L’abbigliamento “esotico” del Centro Europa e del Vicino Oriente attrae la nobiltà europea che ne recepisce alcune fogge riadattandole per un utilizzo privato. Uno dei capi più significativi a questo proposito è la “zimarra”, derivata da modelli turchi. La ricchezza e l’opulenza di questa veste è testimoniata in numerosi dipinti del primo Cinquecento, come nel Ritratto di giovane donna di Tiziano. Di derivazione orientale è anche l’introduzione in gran quantità nel guardaroba europeo della pelliccia.
In ambito russo la fogge degli abiti si mantengono inalterate e fortemente tradizionali fino al XVII secolo, a simboleggiare il potere eterno e immutabile del sovrano. Le influenze del gusto italiano si inseriscono quindi sul piano dei beni di lusso (in particolare sete operate), come ulteriore espressione del potere e dell’autorità assoluta dello zar. I racconti dei viaggiatori stranieri descrivono tessuti impreziositi da quantità d’oro e d’argento inusuali nelle manifatture europee, tanto da far supporre l’esistenza di una produzione specifica per questo mercato.

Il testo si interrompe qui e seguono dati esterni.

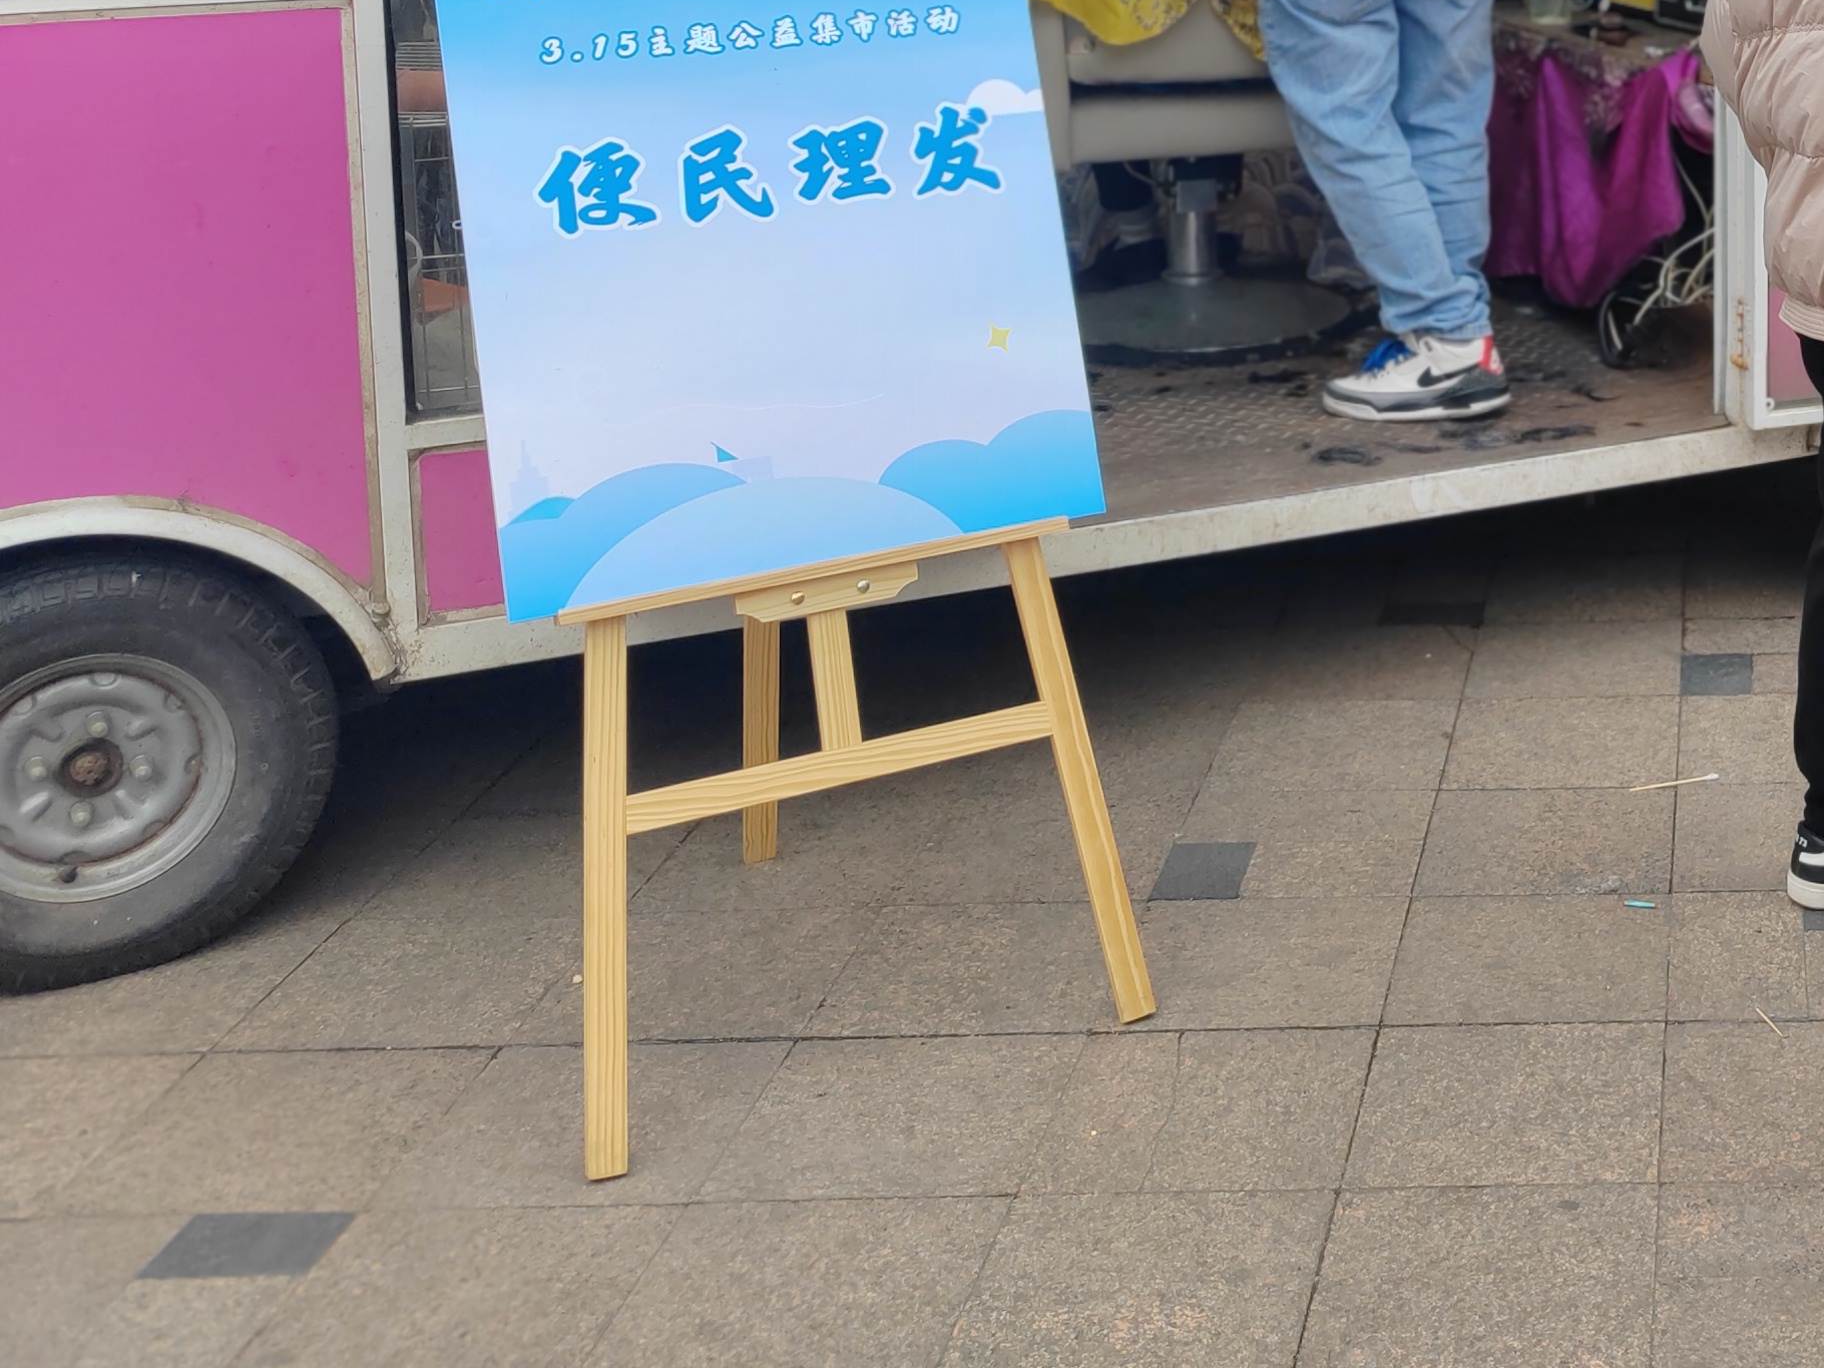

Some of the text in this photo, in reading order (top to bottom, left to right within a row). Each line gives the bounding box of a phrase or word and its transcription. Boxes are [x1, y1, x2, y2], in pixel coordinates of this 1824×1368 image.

[539, 4, 961, 65] 3.15主题公益集市活动
[534, 104, 1003, 238] 便民理发

Sul finire del XVII secolo, con la salita al trono di Pietro I, inizia l’apertura del regno e della corte moscovita al gusto europeo. Questa trasformazione è ben testimoniata nel guardaroba di Pietro, oggi conservato presso il Museo Ermitage. Nel corso del suo regno, Pietro mantiene rapporti d’amicizia con il Granducato fiorentino, come testimonia lo scambio di documenti e donativi con Cosimo III.
Nel corso del XVIII secolo il definitivo passaggio allo stile europeo coincide con l’affermazione dello stile francese, che viene presa a modello dalla corte moscovita tanto nell’arte, quanto nell’abbigliamento e nella produzione tessile.